[EXERCISE BRIEF] Please give the records below again in full, exactly, with the images left out.

[ENTRIES SHOWN]

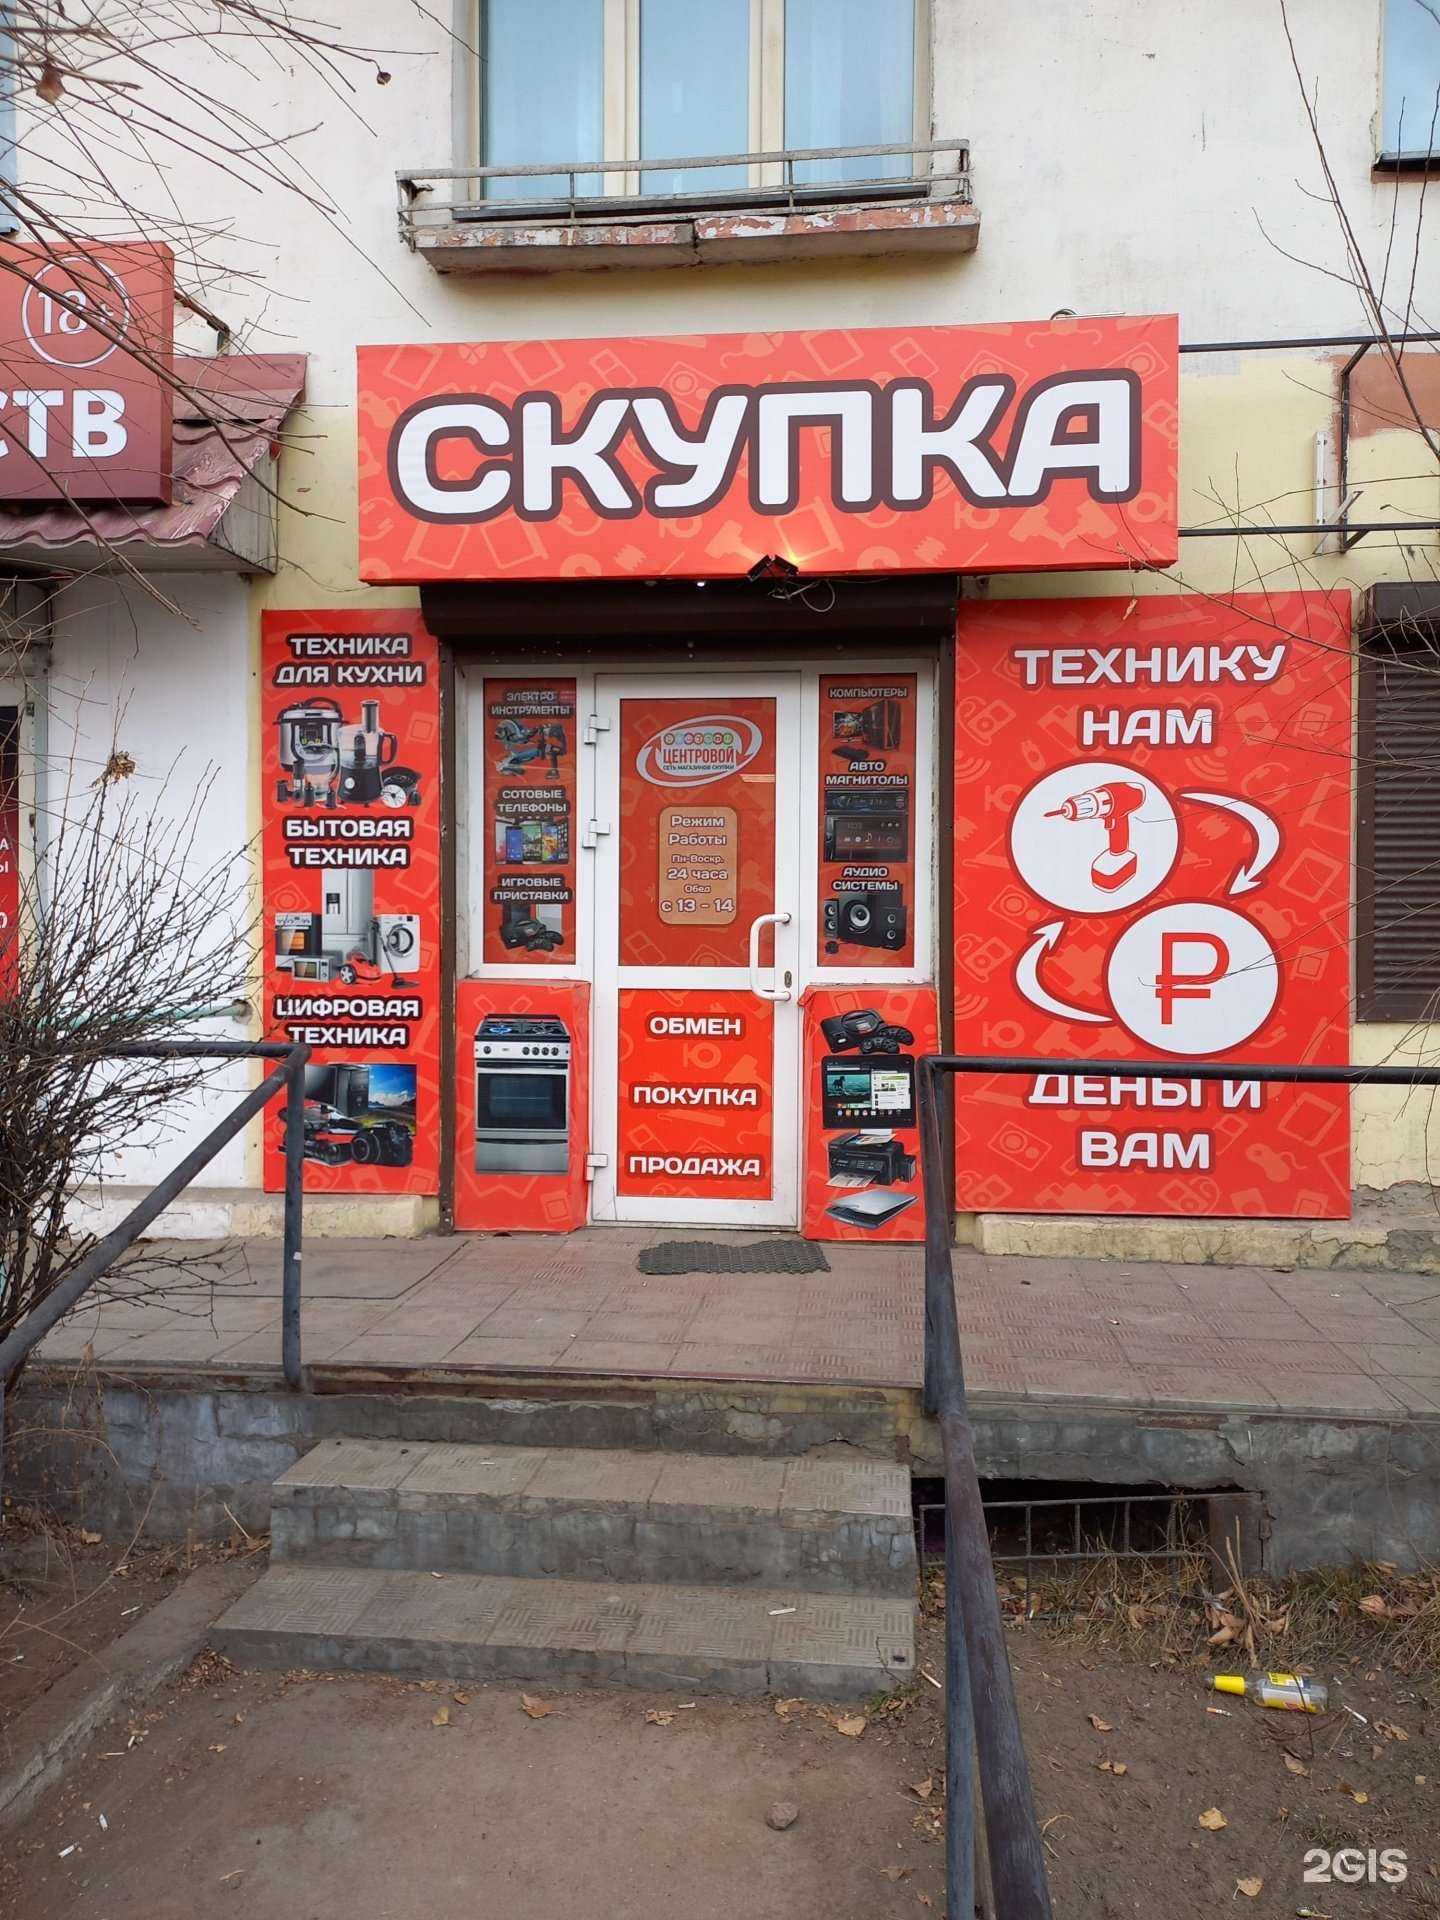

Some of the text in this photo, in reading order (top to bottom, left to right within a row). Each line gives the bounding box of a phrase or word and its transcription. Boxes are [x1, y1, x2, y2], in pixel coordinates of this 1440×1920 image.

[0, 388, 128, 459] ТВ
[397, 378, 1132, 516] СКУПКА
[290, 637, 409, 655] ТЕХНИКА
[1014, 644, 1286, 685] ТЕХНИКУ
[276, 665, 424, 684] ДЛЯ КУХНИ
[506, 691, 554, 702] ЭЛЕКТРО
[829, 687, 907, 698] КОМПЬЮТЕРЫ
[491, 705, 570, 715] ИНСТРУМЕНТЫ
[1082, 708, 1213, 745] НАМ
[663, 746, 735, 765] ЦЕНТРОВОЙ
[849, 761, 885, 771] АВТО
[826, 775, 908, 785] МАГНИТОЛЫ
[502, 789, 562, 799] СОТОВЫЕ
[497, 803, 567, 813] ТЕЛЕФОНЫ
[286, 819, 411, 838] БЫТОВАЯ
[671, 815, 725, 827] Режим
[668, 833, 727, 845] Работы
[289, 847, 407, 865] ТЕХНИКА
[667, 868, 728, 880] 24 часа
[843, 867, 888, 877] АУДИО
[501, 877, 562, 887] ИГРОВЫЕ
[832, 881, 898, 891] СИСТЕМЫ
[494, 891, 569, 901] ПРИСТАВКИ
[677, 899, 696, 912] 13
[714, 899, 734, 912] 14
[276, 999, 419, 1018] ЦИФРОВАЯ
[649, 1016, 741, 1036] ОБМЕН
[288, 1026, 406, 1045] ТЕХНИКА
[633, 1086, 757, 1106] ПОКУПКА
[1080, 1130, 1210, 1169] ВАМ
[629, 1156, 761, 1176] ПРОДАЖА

[SOLUTION TO THIS TASK]
Some of the text in this photo, in reading order (top to bottom, left to right within a row). Each line gives the bounding box of a phrase or word and its transcription. Boxes are [x1, y1, x2, y2], in pixel coordinates of this 1440×1920 image.

[0, 388, 128, 459] ТВ
[397, 378, 1132, 516] СКУПКА
[290, 637, 409, 655] ТЕХНИКА
[1014, 644, 1286, 685] ТЕХНИКУ
[276, 665, 424, 684] ДЛЯ КУХНИ
[506, 691, 554, 702] ЭЛЕКТРО
[829, 687, 907, 698] КОМПЬЮТЕРЫ
[491, 705, 570, 715] ИНСТРУМЕНТЫ
[1082, 708, 1213, 745] НАМ
[663, 746, 735, 765] ЦЕНТРОВОЙ
[849, 761, 885, 771] АВТО
[826, 775, 908, 785] МАГНИТОЛЫ
[502, 789, 562, 799] СОТОВЫЕ
[497, 803, 567, 813] ТЕЛЕФОНЫ
[286, 819, 411, 838] БЫТОВАЯ
[671, 815, 725, 827] Режим
[668, 833, 727, 845] Работы
[289, 847, 407, 865] ТЕХНИКА
[667, 868, 728, 880] 24 часа
[843, 867, 888, 877] АУДИО
[501, 877, 562, 887] ИГРОВЫЕ
[832, 881, 898, 891] СИСТЕМЫ
[494, 891, 569, 901] ПРИСТАВКИ
[677, 899, 696, 912] 13
[714, 899, 734, 912] 14
[276, 999, 419, 1018] ЦИФРОВАЯ
[649, 1016, 741, 1036] ОБМЕН
[288, 1026, 406, 1045] ТЕХНИКА
[633, 1086, 757, 1106] ПОКУПКА
[1080, 1130, 1210, 1169] ВАМ
[629, 1156, 761, 1176] ПРОДАЖА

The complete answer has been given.